It’s not just the services offered, but how effective those services are. You want a company that tracks its performance by customer and globally and makes a continual effort to improve its performance over time. Completeness, on-time delivery, cycle time reductions, and other meaningful metrics need to be tracked and available to you at all times.

5. Does it support all available transportation methods adequately?

If you’re global, chances are you’re shipping by land, sea, and air and using multiple carriers and methods for each transportation method. For example, you might have your own trucks for local shipments between a warehouse and your retail location, a 3PL for shipment from a supplier to your warehouses, and an agreement with Fedex for customers who shop on-line for home-delivery. You want a partner who is adept at managing all transportation methods that are available to you.

6. Does it support regulatory data requirements such as RoHS, REACH, WEE?

Let’s face it – it’s not just customs and associated regulations you have to comply with when trading globally, it’s also a slew of regulations that govern the safety and material content of your products. You want a service provider that can track all of the data required to produce the necessary documentation to show that you are in compliance with each regulatory code that can be applied to your products.

7. Does it support your vendors and partners?

If you use a 3PL, you want them to be able to access the system to print off the documents you need, and if you use contract manufacturers, you want them to be able to input the data required to demonstrate that you are in compliance with the appropriate regulations. Thus, it needs to be a web-based system that is accessible to those who need access.

8. Does it integrate with your visibility solution?

Hopefully you’ve realized that if you’re not tracking what’s going on in your supply chain, then you’re just asking for a major disruption, given that the average company is now experiencing at least one major disruption a year. (Furthermore, the frequency of disruptions to those companies not actively engage in supply chain monitoring and risk management is expected to increase significantly over the next decade.) If you have, then you’re in the process of implementing a visibility solution that lets you track the status of each order and alerts you when something does not ship or arrive at the expected time. For this type of system to be useful, it needs to track all of your supply chain data – and this includes the document submissions and information requests managed through your trade data management system. So make sure it can implement with the visibility solution you have, or the one you plan to implement (if you haven’t started yet).

The 12 Days of X-emplification: Day 9 – Strategic Sourcing Services

Tactical procurement doesn’t cut it anymore. It doesn’t even come close. You need to source strategically, and if you’re not sure how to do that, you need to get help.
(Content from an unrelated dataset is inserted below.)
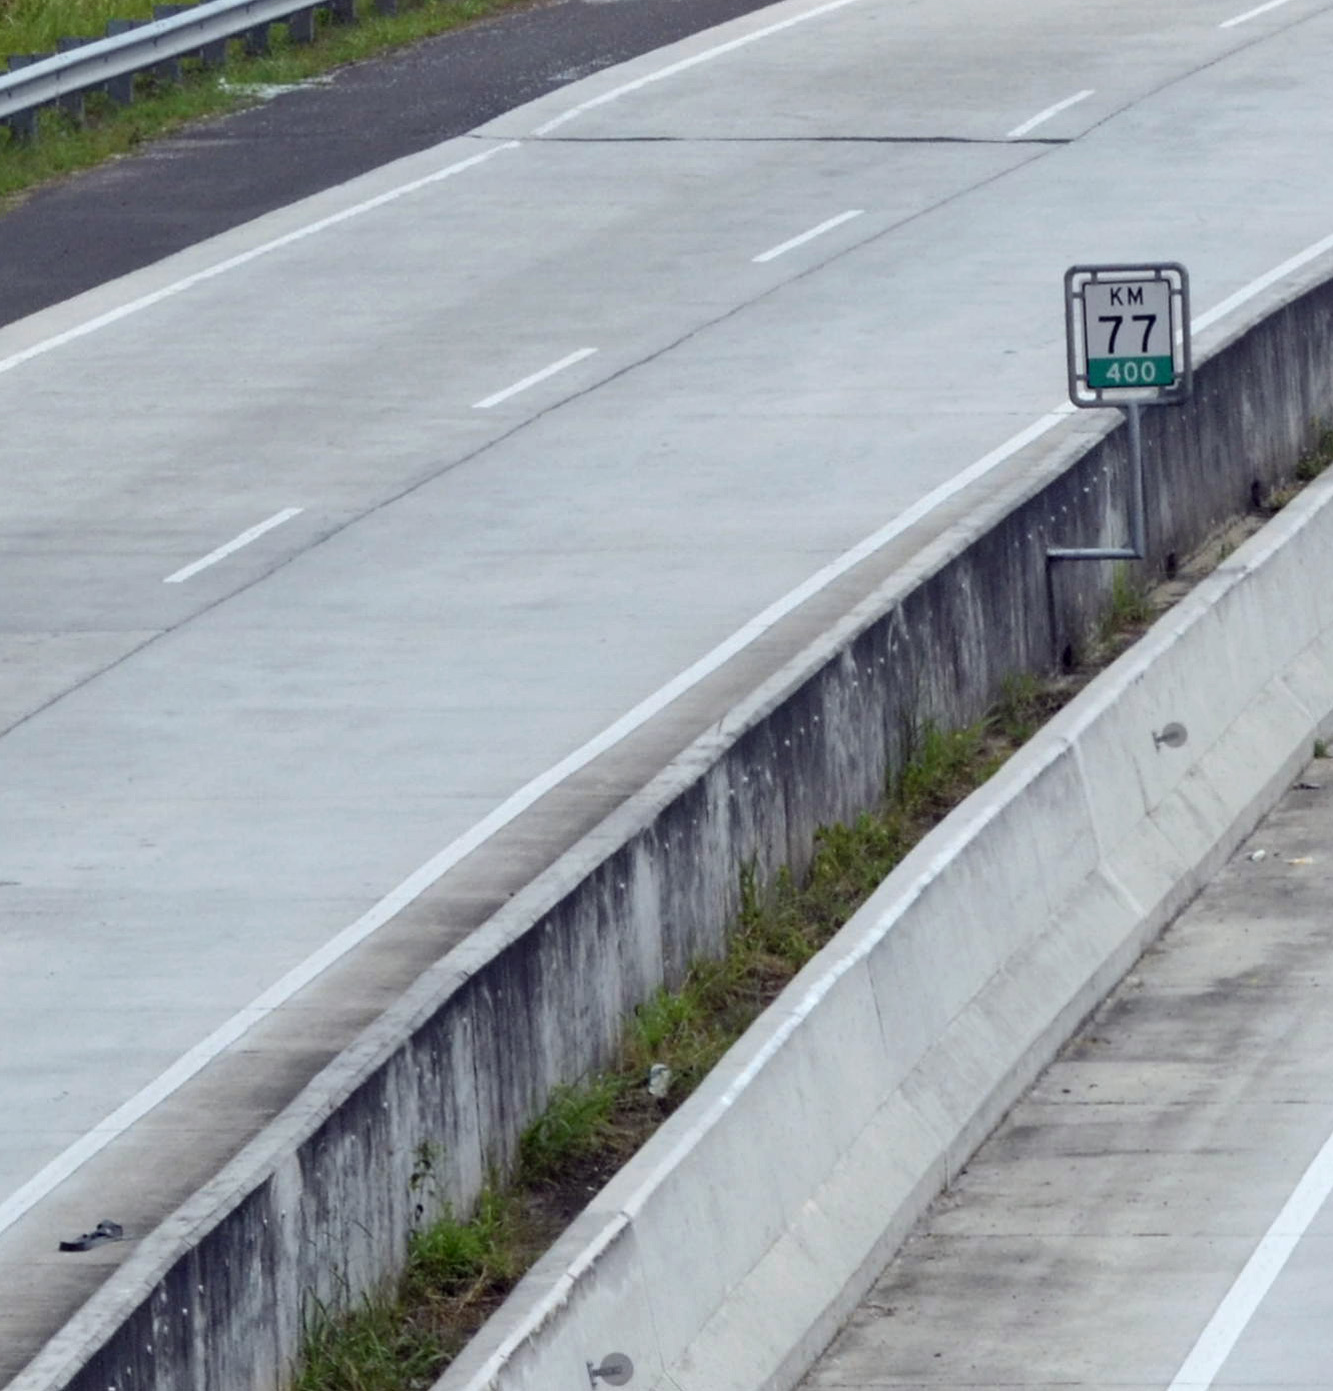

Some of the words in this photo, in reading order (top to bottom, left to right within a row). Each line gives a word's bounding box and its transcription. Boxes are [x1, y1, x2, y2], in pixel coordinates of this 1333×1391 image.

There’s nothing wrong with asking for help from someone better than you (as long as you make the effort to learn from them so that you will eventually become reasonably self sufficient), but you better make sure they are better and more experienced in the categories you’re handing over before you sign the contract. After all, just because a firm has been in the strategic sourcing business for ten years, it doesn’t mean they’ve ever sourced the categories you’re looking for (especially if they specialized in automotive categories and you’re in retail), nor does it mean that the people who will be assigned to your project are those with the most experience in the categories you need the most help with. Thus, it’s doubly important to ask the right questions, and get the right commitments, before selecting a services provider to help you with your strategic sourcing projects.
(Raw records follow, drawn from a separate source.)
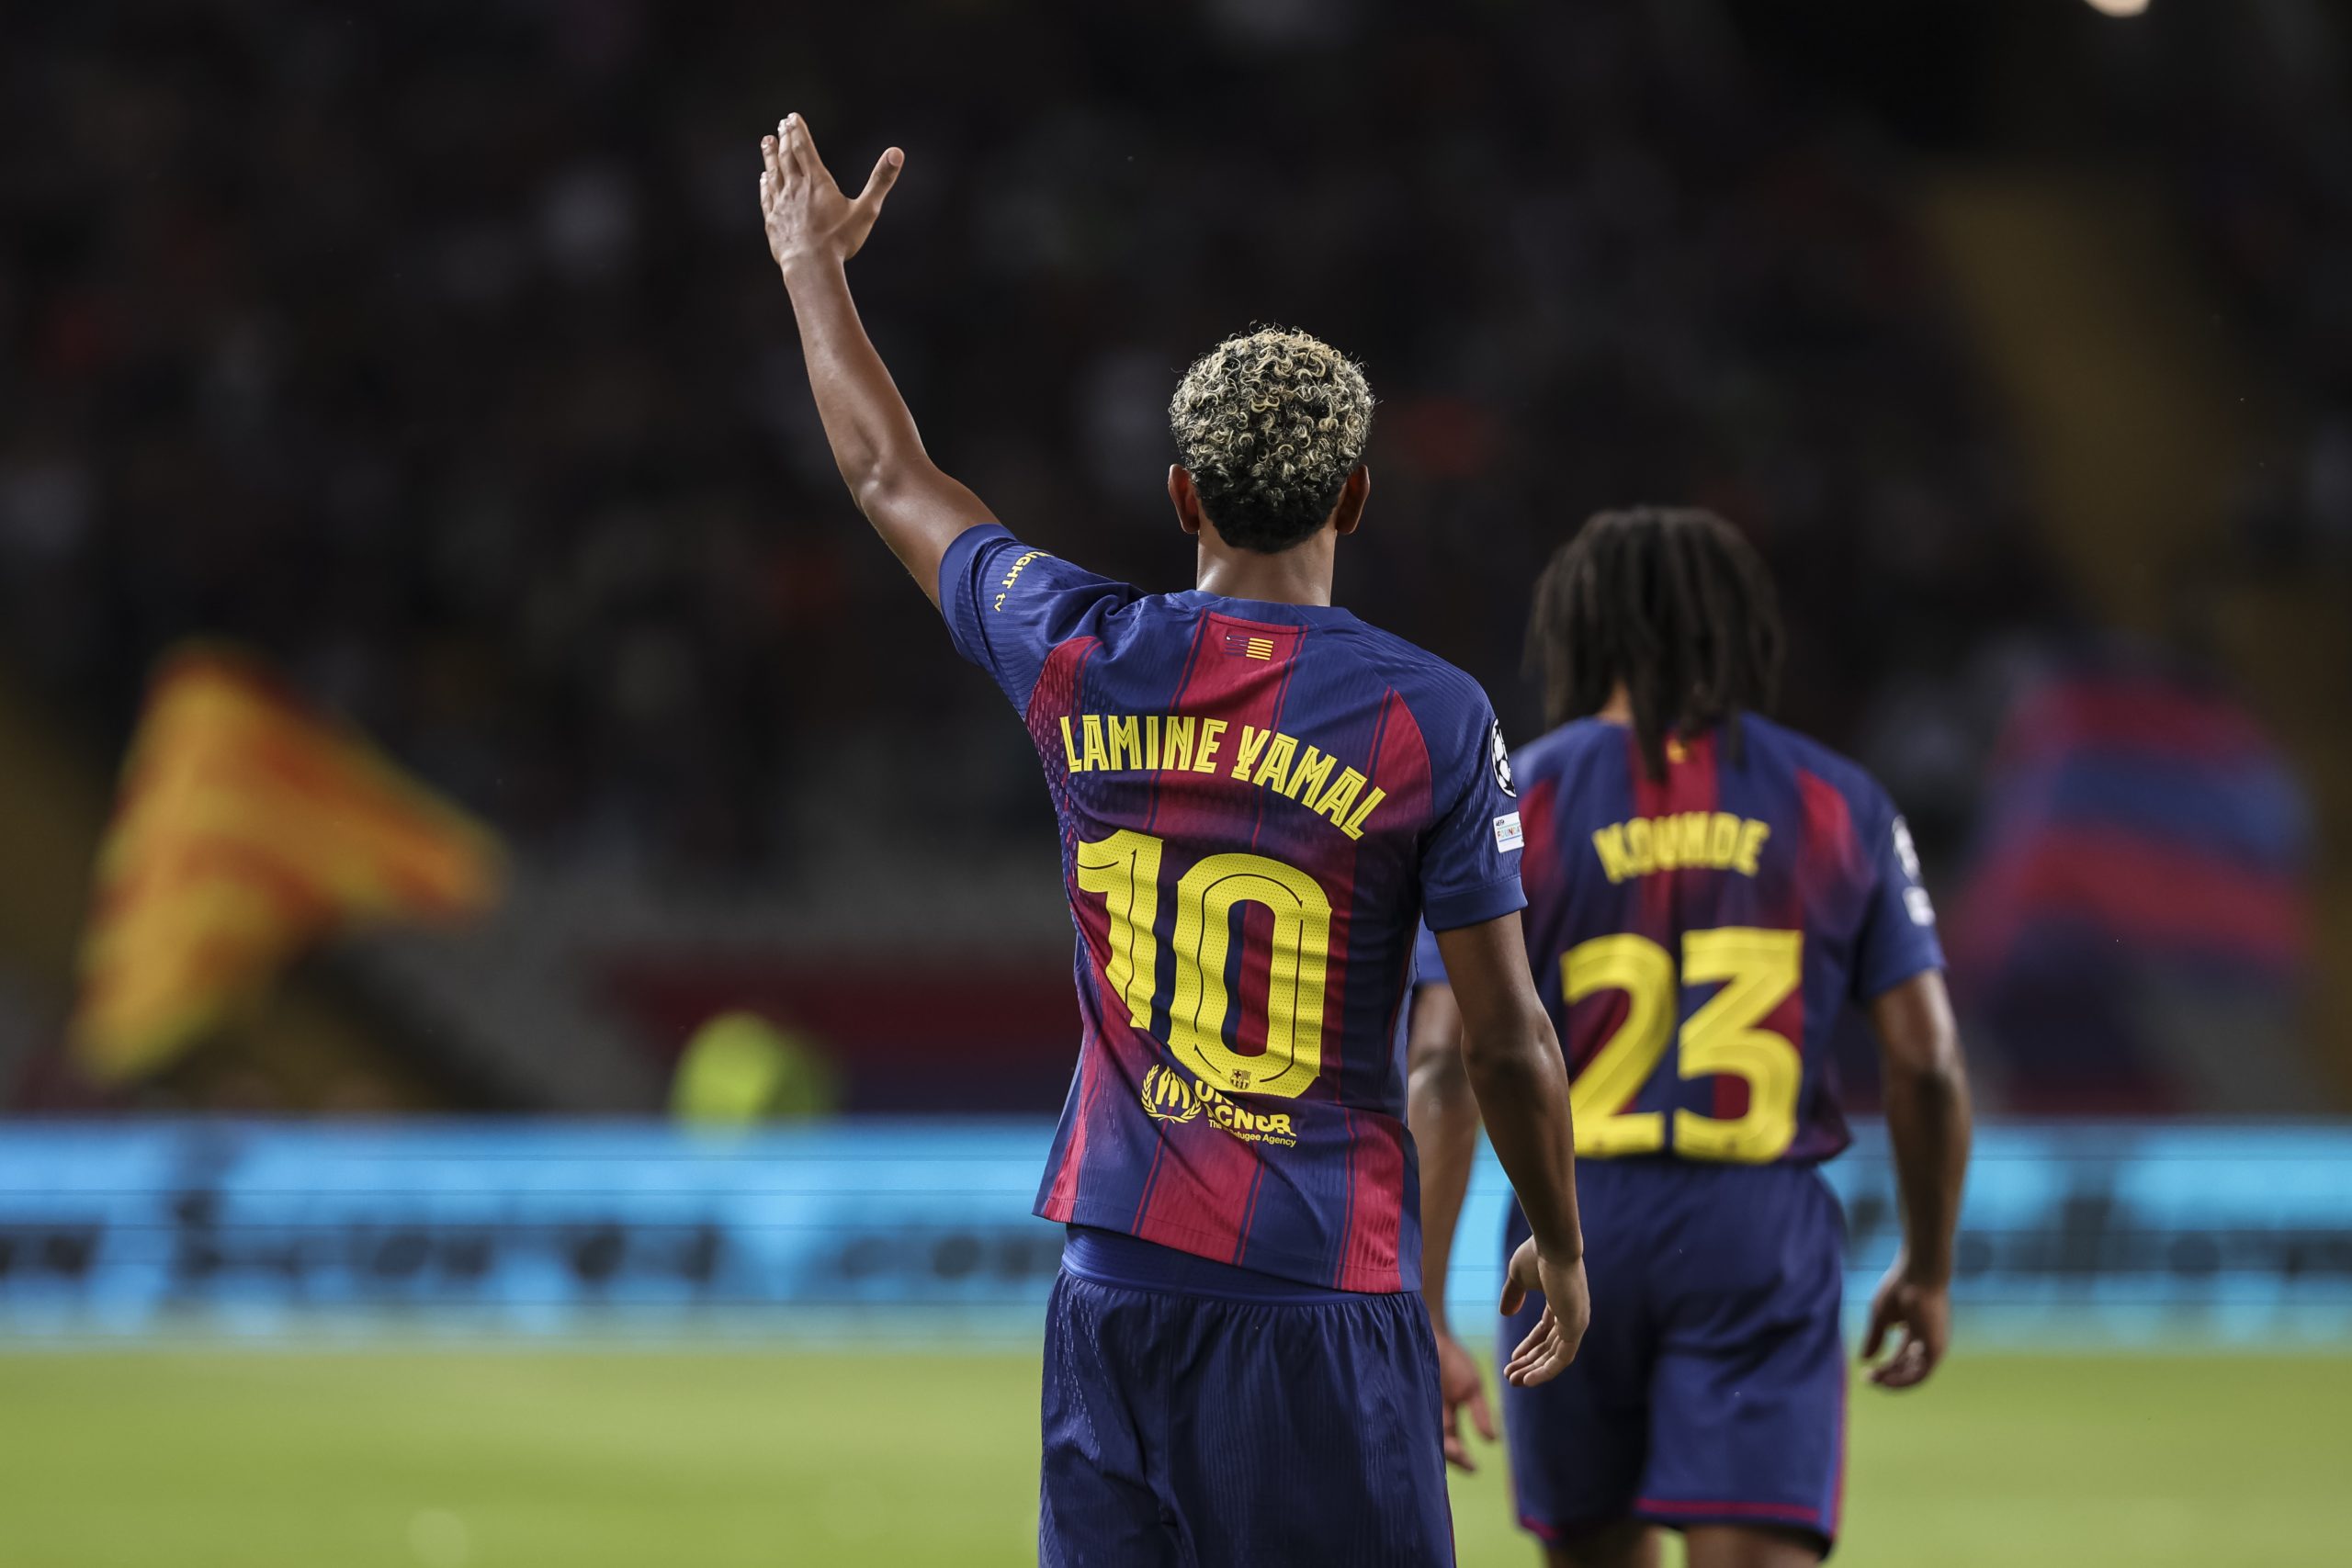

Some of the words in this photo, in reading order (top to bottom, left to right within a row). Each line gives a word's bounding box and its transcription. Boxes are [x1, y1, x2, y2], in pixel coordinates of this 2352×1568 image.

[1059, 715, 1228, 773] LAMINE
[1231, 725, 1386, 841] YAMAL
[1592, 811, 1770, 883] KOUNDE
[1078, 829, 1332, 1098] 10
[1561, 926, 1803, 1163] 23
[1262, 1134, 1296, 1147] Agency
1. What experience do the consultants who will be performing the work have?

Every decent size consulting firm (including boutiques) has their standard pitch deck which will read something like “hundreds (or thousands) of years of strategic sourcing support … ten (or twenty) plus years per sourcing consultant … average 10 – 15% savings across all categories … average 20 – 35% savings in these categories relevant to your vertical … etc.”. What’s important is how much experience the consultants who will be performing the work have in general, how much they have in the categories they will be sourcing, and what results they expect to get. Be sure to get resumes of the consultants who will actually be performing the work, and to reserve the right to reject changes in the roster if they are not available at the project start date. Otherwise, you might find that you’re baited with the grey-beard but on the day the project starts you end up with a clean-shaven MBA straight out of school. He might be the smartest MBA you’ll ever meet, but unless the grey-beard is also on the project imparting his wisdom, whether or not he succeeds may ultimately depend on his luck. (Given what some of these firms charge per day, you don’t want your success to come down to luck!)
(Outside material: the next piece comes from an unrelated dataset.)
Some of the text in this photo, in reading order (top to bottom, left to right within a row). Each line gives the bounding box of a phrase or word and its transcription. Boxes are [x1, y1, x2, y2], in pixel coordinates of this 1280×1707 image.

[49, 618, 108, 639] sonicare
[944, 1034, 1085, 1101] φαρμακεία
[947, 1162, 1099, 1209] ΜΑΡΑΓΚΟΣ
2. What implemented savings have they achieved? Which customers can you call to back this up?

A negotiated savings of 25% is just that – a negotiated savings. How much of the projected savings was the customer actually able to implement? If the customer was only able to implement 10%, then it’s really only a 10% savings. The firm you want is the one that tracks implemented savings and isn’t afraid to give you some customer references you can call to verify the numbers they give you.

3. How does their approach differ from everyone else’s? Does their answer set off the bullshit detector?

There’s a number of good answers here. The point of this question is to establish their credibility. The fact of the matter may be that their approach is the same approach used by the big guys, like AT Kearney or EDS, or the boutiques, like Denali and Archstone, and that’s ok. Most of the strategic sourcing approaches out there are similar, and, more-or-less, equally correct. What it usually boils down to when selecting between these firms is their experience, their ability to execute, and their willingness to work with you. Thus, it’s okay if they use the same approach, as long as they are willing to be up-front about it (and be able to explain why they think it is the right approach).

To be honest, you probably don’t want an answer that’s completely different from the answer everyone else is giving you. The standard approaches have been working quite well for a while now, and though I believe that constant innovation is critical to continued to success, when it comes to services, sometimes the best route is incremental improvement. After all, most organizations are resistant to change and if the approach is too radical, it could scare off some suppliers – and since you never know who the right suppliers are for you until you go through the process, this usually isn’t a good thing.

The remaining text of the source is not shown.